Several studies have studied the influence of rock-forming minerals on the physical and chemical properties of heavy crude oil under steam-stimulation [49]. For example, Petrov et al. performed an analysis of minerals’ effect on heavy oil conversion in the presence of rock-forming additives among which calcites, dolomite, kaolin clay and manganese oxide were present in the studied medium. The experiments considered different temperatures and pressures. The obtained results showed that the temperature and pressure have a significant influence on the occurred processes. In addition, the obtained samples after the aquathermolysis experiments were characterized by a lower structural and Newtonian flow behavior and by greater output of fuel and oil fractions than the heavy oil. On the other hand, resins were found to be converted into lighter components during the destruction. The authors have reported as well that additives partially structure a monomolecular surface layer with a decrease in entropy of the observed molecules on the surface. This leads to a shift in the equilibrium towards a thermal decomposition unimolecular reaction of -C-C- bonds by radical chain mechanism. Therefore, there are two competing mechanisms. Besides, it has been found that a temperature increase raises the processes of cracking macromolecular compounds; meanwhile, a growing temperature background in the absence of high pressure has been found to reduce the adsorption probability on the additive surface [50].

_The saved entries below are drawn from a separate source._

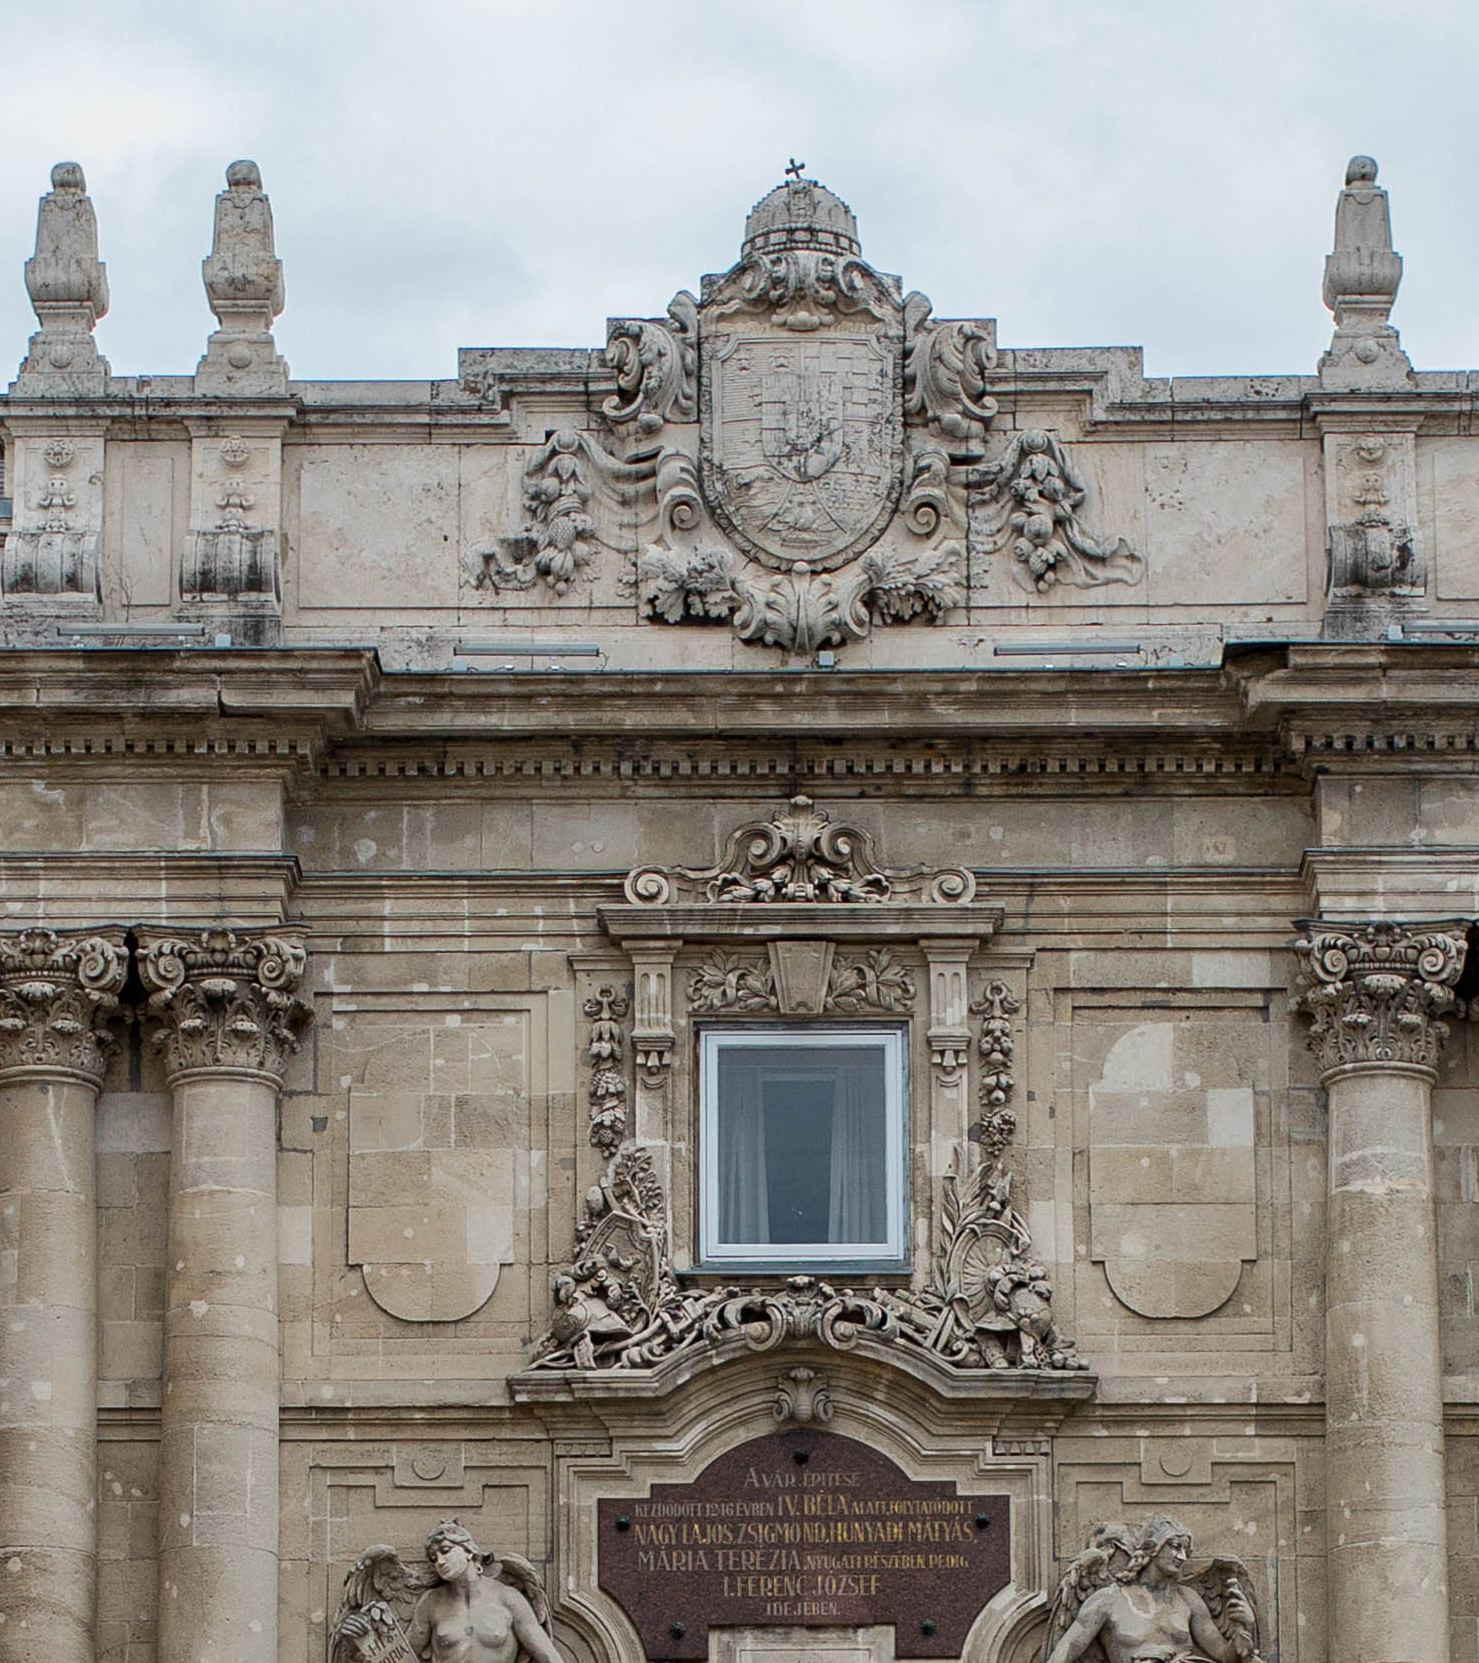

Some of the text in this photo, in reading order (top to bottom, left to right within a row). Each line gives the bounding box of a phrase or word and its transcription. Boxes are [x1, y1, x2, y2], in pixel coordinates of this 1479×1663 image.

[803, 1489, 850, 1515] BÉLA
[634, 1523, 680, 1545] NAGY
[638, 1545, 710, 1571] MÁRIA
[812, 1570, 881, 1596] JÓZSEF
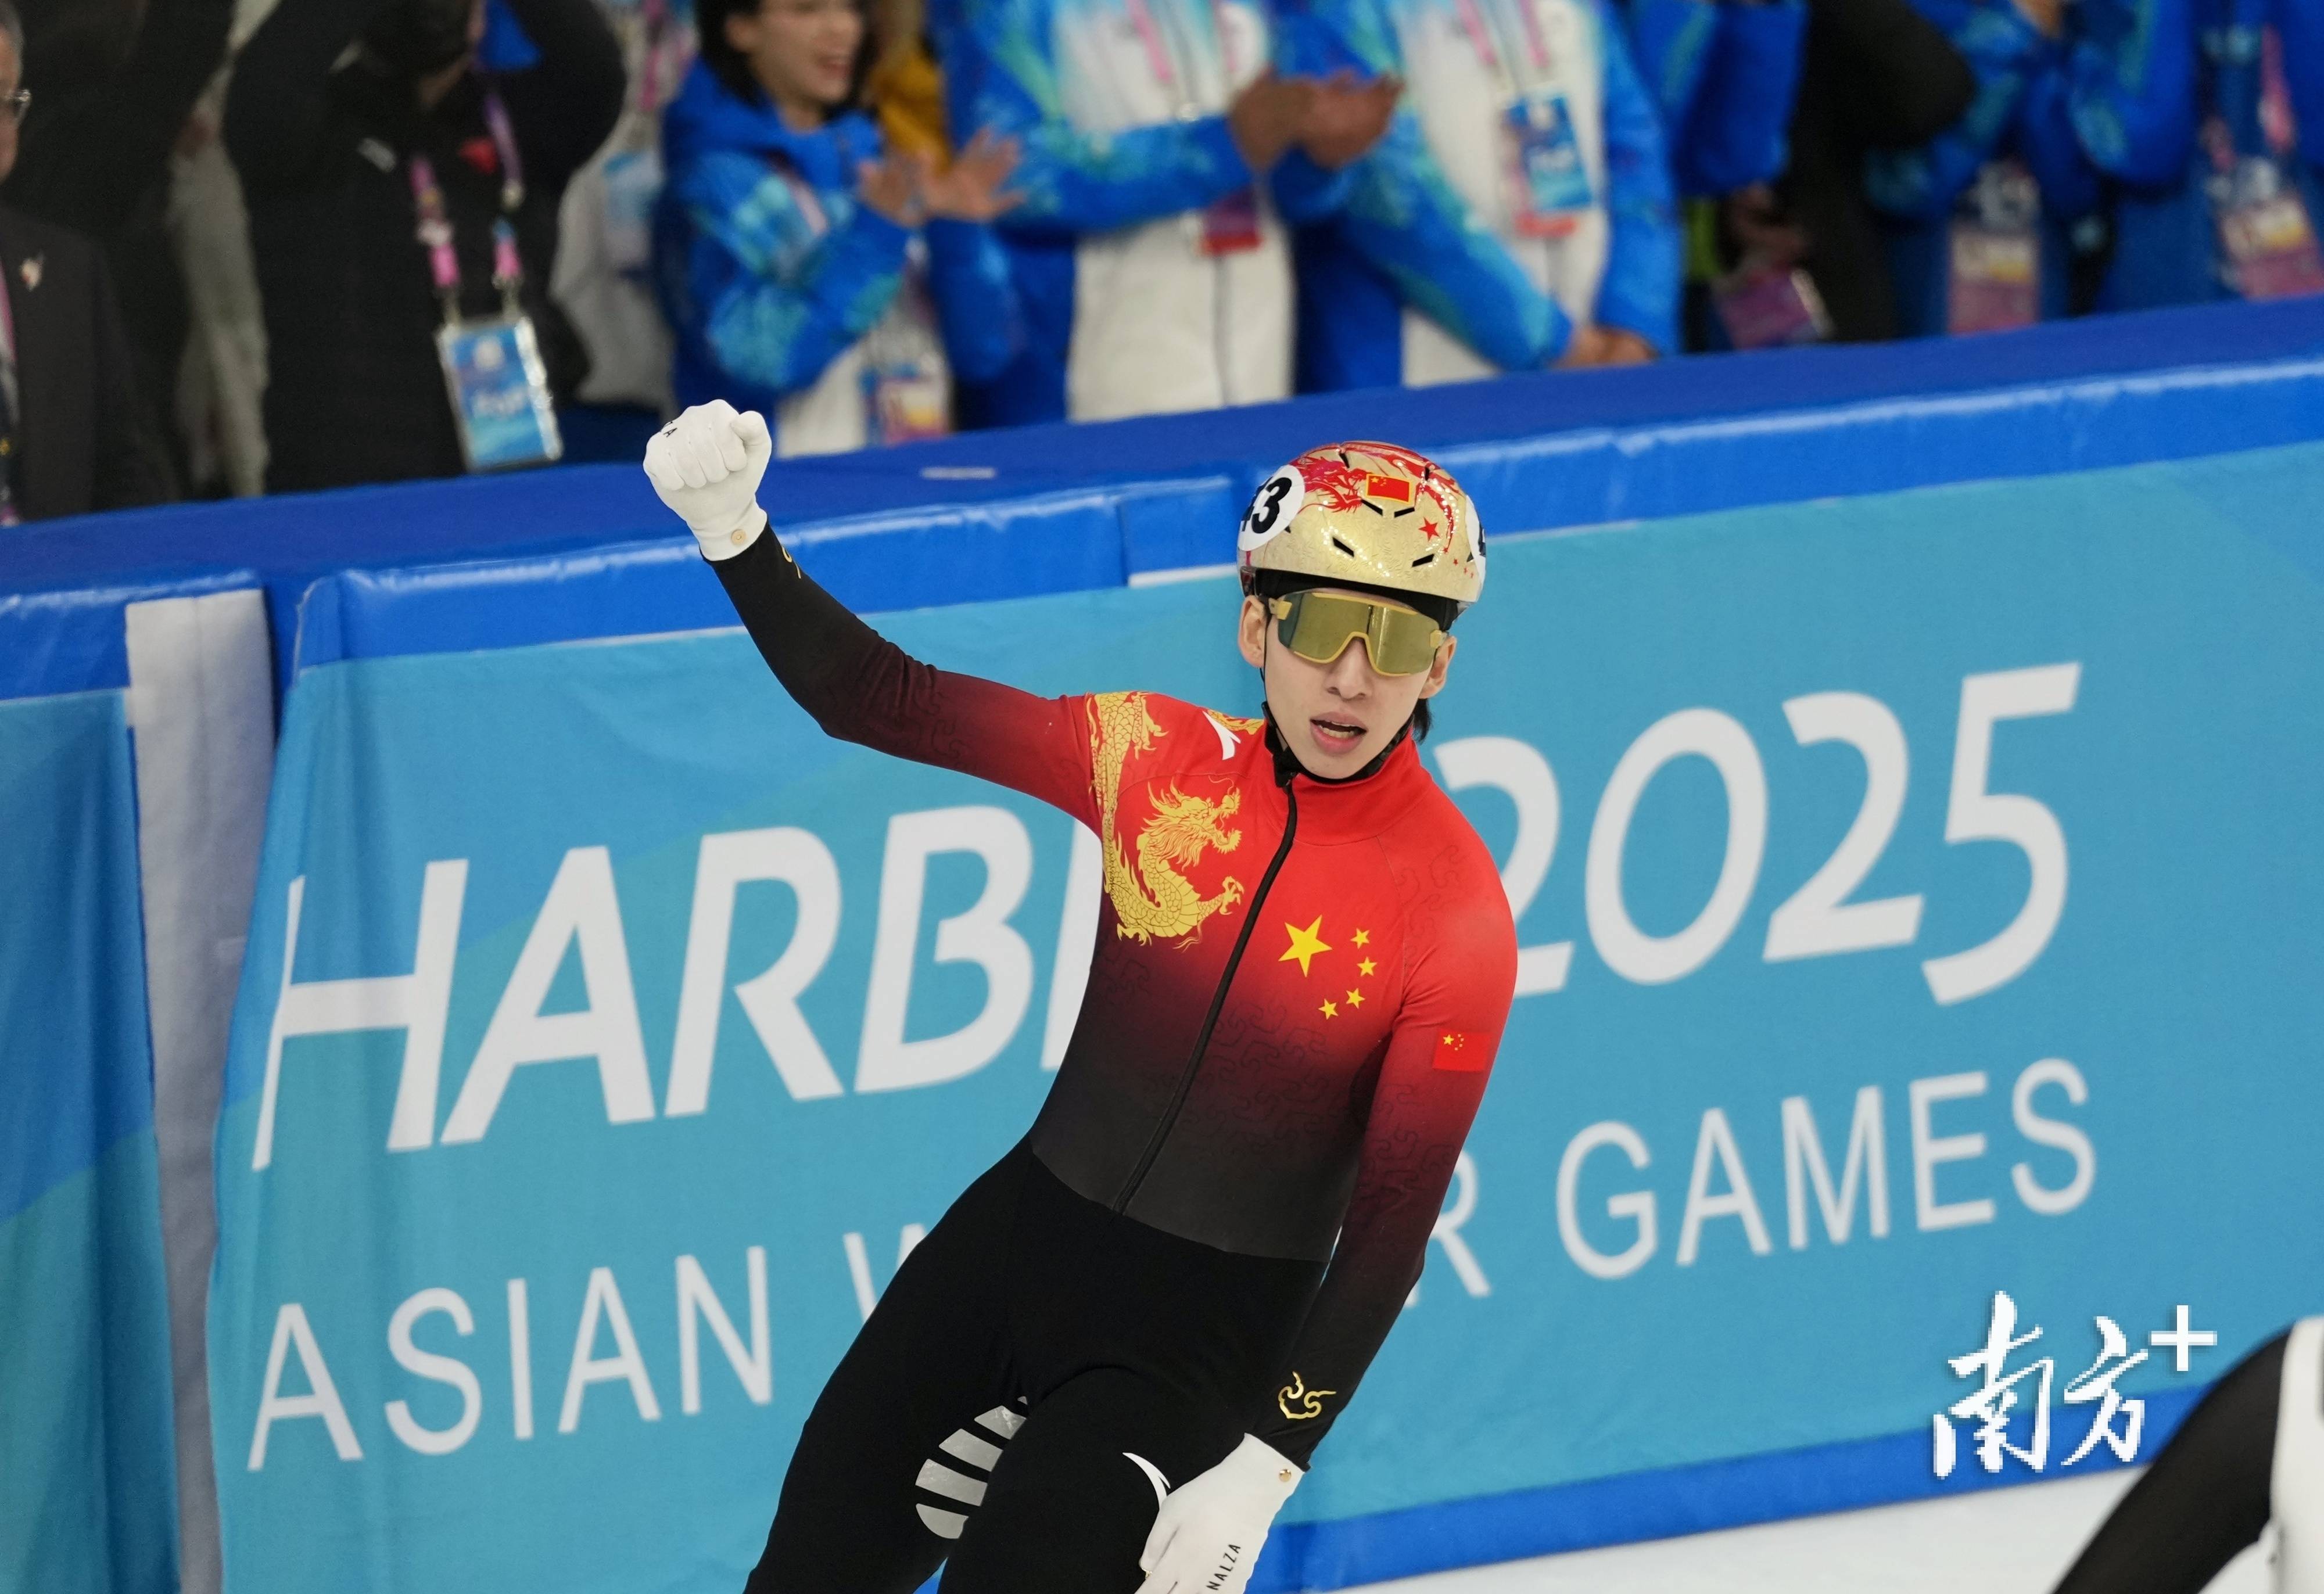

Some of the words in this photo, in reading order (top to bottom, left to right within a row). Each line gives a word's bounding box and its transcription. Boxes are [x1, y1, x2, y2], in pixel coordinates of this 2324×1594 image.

Kayukova et al. have studied the specific features of Ashal’cha heavy oil conversion at hydrothermal conditions in a CO2 atmosphere in the presence of different oil-soluble carboxylate metals based on Fe, Co and Cu at 300 °C. The obtained results have shown that the catalyst and reservoir rocks minerals impact significantly the transformation behavior of hydrocarbon compositions and the SARA fractions. Moreover, it has been found that the most significant changes in the composition of heavy oil were established after hydrothermal treatment in the presence of a rock-forming additive, clay mineral (kaolin), which are reflected in a significant increase in the content of saturated and aromatic hydrocarbons. Additionally, this was fixed by resins and asphaltenes’ amount decrease. What is more, asphaltenes’ structure changes have been manifested in an increase in aromaticity and oxidation degrees because the catalyst metals mainly concentrate on the asphaltene structures and on the rock-forming reservoir minerals (Figure 2). It has been found as well that the Fe concentration increases to 5.84% after the catalytic treatment of oil with kaolin, and the concentration of Cu increases as well from 0 to 0.25%.
A similar change in asphaltene’s content was observed in rock extracts where iron and copper concentrations reached 1.38 and 0.31%, respectively. Meanwhile, cobalt was absent in asphaltenes content. In addition, active metals, such as Ti, Fe, Cr, Mn, Co, Ni, Cu, Zr and Bawere found in the rock samples after organic matter extraction. Besides, the Fe concentration has been associated with a slight decrease from 2.27 to 1.93% in the catalytic complex. On the other hand, the Co and Cu concentrations have been found to increase to 0.036 and 0.038% compared to their content in the original rock in which they were practically absent. This study has shown as well that the studied metal complexes (Fe, Co and Cu) with carboxylate ligands can penetrate not only into the rock pore space but also into asphaltenes. This may provide a possible catalytic effect on the heavy oil upgrading process under hydrothermal conditions [51].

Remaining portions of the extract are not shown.